Would you output the whole of the data exactly?

▶ **Data for this exercise**
※

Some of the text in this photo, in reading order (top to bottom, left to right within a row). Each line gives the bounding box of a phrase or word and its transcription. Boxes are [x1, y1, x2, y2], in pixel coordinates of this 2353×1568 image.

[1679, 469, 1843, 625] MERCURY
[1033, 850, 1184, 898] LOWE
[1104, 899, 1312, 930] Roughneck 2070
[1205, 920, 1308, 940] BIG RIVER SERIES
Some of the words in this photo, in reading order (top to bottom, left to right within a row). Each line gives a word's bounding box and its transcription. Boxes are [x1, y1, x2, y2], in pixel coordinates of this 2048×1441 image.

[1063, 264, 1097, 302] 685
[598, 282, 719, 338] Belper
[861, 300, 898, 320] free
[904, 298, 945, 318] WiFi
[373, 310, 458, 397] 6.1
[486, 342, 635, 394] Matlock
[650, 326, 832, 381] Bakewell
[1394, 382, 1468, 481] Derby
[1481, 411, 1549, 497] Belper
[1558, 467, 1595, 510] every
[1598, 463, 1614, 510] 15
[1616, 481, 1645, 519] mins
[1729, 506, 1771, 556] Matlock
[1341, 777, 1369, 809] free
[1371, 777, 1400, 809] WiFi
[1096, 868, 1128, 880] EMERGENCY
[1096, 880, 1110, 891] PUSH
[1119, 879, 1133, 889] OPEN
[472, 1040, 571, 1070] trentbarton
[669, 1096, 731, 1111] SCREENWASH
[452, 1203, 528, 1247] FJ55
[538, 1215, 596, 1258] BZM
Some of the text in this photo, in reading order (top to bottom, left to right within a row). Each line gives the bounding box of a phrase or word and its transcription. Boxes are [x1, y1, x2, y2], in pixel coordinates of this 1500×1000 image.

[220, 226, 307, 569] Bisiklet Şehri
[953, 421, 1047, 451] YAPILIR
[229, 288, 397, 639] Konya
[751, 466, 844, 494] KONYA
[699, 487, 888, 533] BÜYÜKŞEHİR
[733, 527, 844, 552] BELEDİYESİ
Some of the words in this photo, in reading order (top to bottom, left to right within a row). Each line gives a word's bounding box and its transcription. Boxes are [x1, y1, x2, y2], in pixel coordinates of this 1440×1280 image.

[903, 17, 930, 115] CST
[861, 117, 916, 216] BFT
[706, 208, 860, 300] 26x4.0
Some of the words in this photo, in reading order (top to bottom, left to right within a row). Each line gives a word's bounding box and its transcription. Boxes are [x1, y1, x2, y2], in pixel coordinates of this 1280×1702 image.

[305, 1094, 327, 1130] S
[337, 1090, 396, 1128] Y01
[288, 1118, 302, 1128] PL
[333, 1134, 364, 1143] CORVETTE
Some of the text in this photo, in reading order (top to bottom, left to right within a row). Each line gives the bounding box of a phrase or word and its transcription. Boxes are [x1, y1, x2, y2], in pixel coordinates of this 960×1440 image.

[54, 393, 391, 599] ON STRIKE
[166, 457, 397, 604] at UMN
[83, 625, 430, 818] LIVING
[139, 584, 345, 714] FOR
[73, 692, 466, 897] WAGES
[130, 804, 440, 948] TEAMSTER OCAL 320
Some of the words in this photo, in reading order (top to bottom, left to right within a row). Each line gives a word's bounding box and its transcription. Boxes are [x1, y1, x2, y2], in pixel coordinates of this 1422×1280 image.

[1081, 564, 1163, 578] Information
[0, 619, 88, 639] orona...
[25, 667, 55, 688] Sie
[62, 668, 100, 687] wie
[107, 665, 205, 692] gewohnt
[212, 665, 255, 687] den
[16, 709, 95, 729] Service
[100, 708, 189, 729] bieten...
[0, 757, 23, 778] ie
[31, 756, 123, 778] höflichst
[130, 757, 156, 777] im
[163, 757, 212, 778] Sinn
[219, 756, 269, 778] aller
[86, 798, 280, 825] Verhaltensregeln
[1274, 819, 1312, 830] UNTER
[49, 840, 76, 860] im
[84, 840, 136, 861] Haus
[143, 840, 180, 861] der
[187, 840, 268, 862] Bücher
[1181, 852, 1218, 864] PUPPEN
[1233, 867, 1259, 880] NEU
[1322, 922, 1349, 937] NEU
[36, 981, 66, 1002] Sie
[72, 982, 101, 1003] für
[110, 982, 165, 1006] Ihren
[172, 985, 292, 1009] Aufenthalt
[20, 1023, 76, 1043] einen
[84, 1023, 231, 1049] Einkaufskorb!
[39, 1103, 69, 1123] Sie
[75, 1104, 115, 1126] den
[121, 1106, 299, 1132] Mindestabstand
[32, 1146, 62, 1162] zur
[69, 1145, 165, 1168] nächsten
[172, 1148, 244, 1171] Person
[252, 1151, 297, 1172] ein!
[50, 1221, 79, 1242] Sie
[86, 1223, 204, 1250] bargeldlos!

※

▶ **Response area**
Some of the text in this photo, in reading order (top to bottom, left to right within a row). Each line gives the bounding box of a phrase or word and its transcription. Boxes are [x1, y1, x2, y2], in pixel coordinates of this 2353×1568 image.

[1679, 469, 1843, 625] MERCURY
[1033, 850, 1184, 898] LOWE
[1104, 899, 1312, 930] Roughneck 2070
[1205, 920, 1308, 940] BIG RIVER SERIES
Some of the words in this photo, in reading order (top to bottom, left to right within a row). Each line gives a word's bounding box and its transcription. Boxes are [x1, y1, x2, y2], in pixel coordinates of this 2048×1441 image.

[1063, 264, 1097, 302] 685
[598, 282, 719, 338] Belper
[861, 300, 898, 320] free
[904, 298, 945, 318] WiFi
[373, 310, 458, 397] 6.1
[486, 342, 635, 394] Matlock
[650, 326, 832, 381] Bakewell
[1394, 382, 1468, 481] Derby
[1481, 411, 1549, 497] Belper
[1558, 467, 1595, 510] every
[1598, 463, 1614, 510] 15
[1616, 481, 1645, 519] mins
[1729, 506, 1771, 556] Matlock
[1341, 777, 1369, 809] free
[1371, 777, 1400, 809] WiFi
[1096, 868, 1128, 880] EMERGENCY
[1096, 880, 1110, 891] PUSH
[1119, 879, 1133, 889] OPEN
[472, 1040, 571, 1070] trentbarton
[669, 1096, 731, 1111] SCREENWASH
[452, 1203, 528, 1247] FJ55
[538, 1215, 596, 1258] BZM
Some of the text in this photo, in reading order (top to bottom, left to right within a row). Each line gives the bounding box of a phrase or word and its transcription. Boxes are [x1, y1, x2, y2], in pixel coordinates of this 1500×1000 image.

[220, 226, 307, 569] Bisiklet Şehri
[953, 421, 1047, 451] YAPILIR
[229, 288, 397, 639] Konya
[751, 466, 844, 494] KONYA
[699, 487, 888, 533] BÜYÜKŞEHİR
[733, 527, 844, 552] BELEDİYESİ
Some of the words in this photo, in reading order (top to bottom, left to right within a row). Each line gives a word's bounding box and its transcription. Boxes are [x1, y1, x2, y2], in pixel coordinates of this 1440×1280 image.

[903, 17, 930, 115] CST
[861, 117, 916, 216] BFT
[706, 208, 860, 300] 26x4.0
Some of the words in this photo, in reading order (top to bottom, left to right within a row). Each line gives a word's bounding box and its transcription. Boxes are [x1, y1, x2, y2], in pixel coordinates of this 1280×1702 image.

[305, 1094, 327, 1130] S
[337, 1090, 396, 1128] Y01
[288, 1118, 302, 1128] PL
[333, 1134, 364, 1143] CORVETTE
Some of the text in this photo, in reading order (top to bottom, left to right within a row). Each line gives the bounding box of a phrase or word and its transcription. Boxes are [x1, y1, x2, y2], in pixel coordinates of this 960×1440 image.

[54, 393, 391, 599] ON STRIKE
[166, 457, 397, 604] at UMN
[83, 625, 430, 818] LIVING
[139, 584, 345, 714] FOR
[73, 692, 466, 897] WAGES
[130, 804, 440, 948] TEAMSTER OCAL 320
Some of the words in this photo, in reading order (top to bottom, left to right within a row). Each line gives a word's bounding box and its transcription. Boxes are [x1, y1, x2, y2], in pixel coordinates of this 1422×1280 image.

[1081, 564, 1163, 578] Information
[0, 619, 88, 639] orona...
[25, 667, 55, 688] Sie
[62, 668, 100, 687] wie
[107, 665, 205, 692] gewohnt
[212, 665, 255, 687] den
[16, 709, 95, 729] Service
[100, 708, 189, 729] bieten...
[0, 757, 23, 778] ie
[31, 756, 123, 778] höflichst
[130, 757, 156, 777] im
[163, 757, 212, 778] Sinn
[219, 756, 269, 778] aller
[86, 798, 280, 825] Verhaltensregeln
[1274, 819, 1312, 830] UNTER
[49, 840, 76, 860] im
[84, 840, 136, 861] Haus
[143, 840, 180, 861] der
[187, 840, 268, 862] Bücher
[1181, 852, 1218, 864] PUPPEN
[1233, 867, 1259, 880] NEU
[1322, 922, 1349, 937] NEU
[36, 981, 66, 1002] Sie
[72, 982, 101, 1003] für
[110, 982, 165, 1006] Ihren
[172, 985, 292, 1009] Aufenthalt
[20, 1023, 76, 1043] einen
[84, 1023, 231, 1049] Einkaufskorb!
[39, 1103, 69, 1123] Sie
[75, 1104, 115, 1126] den
[121, 1106, 299, 1132] Mindestabstand
[32, 1146, 62, 1162] zur
[69, 1145, 165, 1168] nächsten
[172, 1148, 244, 1171] Person
[252, 1151, 297, 1172] ein!
[50, 1221, 79, 1242] Sie
[86, 1223, 204, 1250] bargeldlos!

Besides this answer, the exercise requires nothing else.